--- START ---

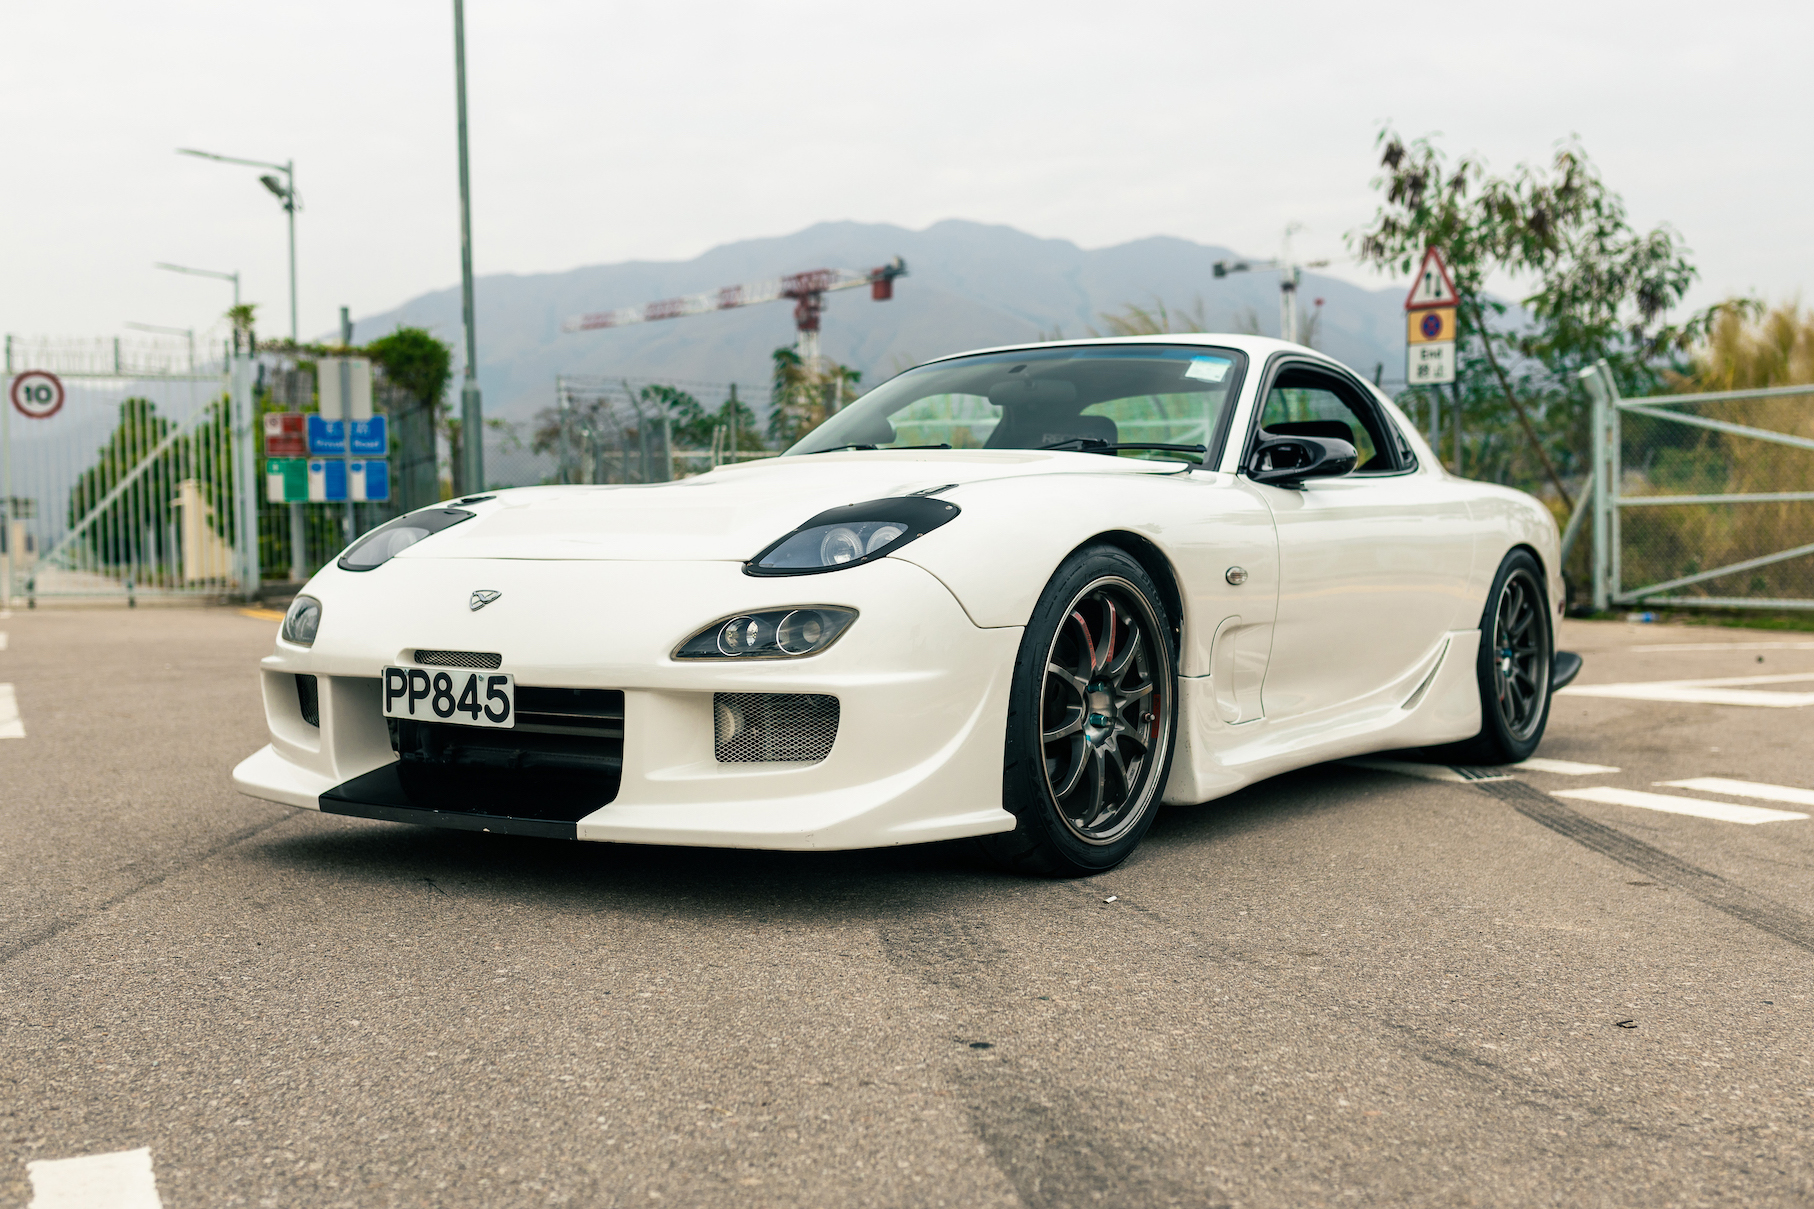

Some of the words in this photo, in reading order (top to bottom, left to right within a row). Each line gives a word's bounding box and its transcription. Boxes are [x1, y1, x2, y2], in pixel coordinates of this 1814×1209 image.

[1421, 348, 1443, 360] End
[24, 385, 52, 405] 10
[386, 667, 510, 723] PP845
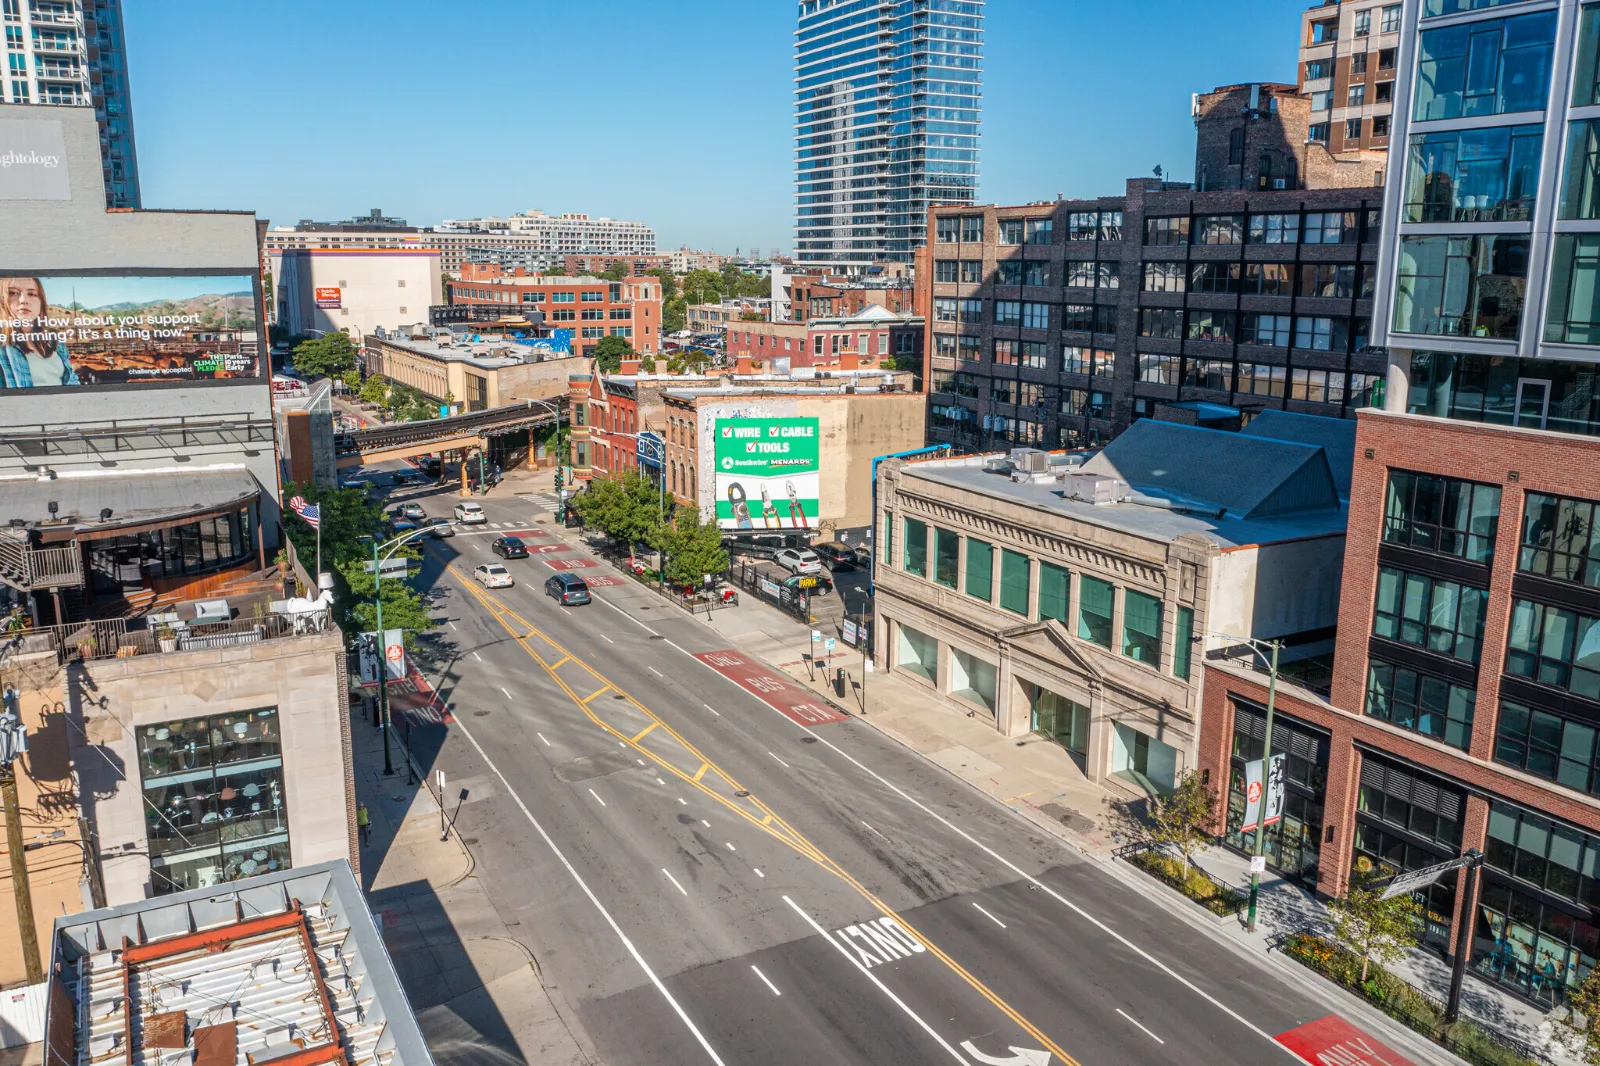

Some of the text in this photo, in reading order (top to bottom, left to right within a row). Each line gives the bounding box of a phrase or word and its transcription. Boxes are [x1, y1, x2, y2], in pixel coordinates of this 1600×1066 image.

--- END ---

**Directions for this task:** From the first line to the last, restate the entries exactly, without pictures.

**Response box:**
Some of the words in this photo, in reading order (top to bottom, left to right within a row). Each line gives a word's bounding box and its transcription. Boxes are [x1, y1, x2, y2], in pixel coordinates of this 1814×1209 image.

[1421, 348, 1443, 360] End
[24, 385, 52, 405] 10
[386, 667, 510, 723] PP845

Some of the text in this photo, in reading order (top to bottom, left to right within a row). Each line gives the bounding box of a phrase or word and its transcription. Boxes are [x1, y1, x2, y2], in pixel coordinates of this 1600×1066 image.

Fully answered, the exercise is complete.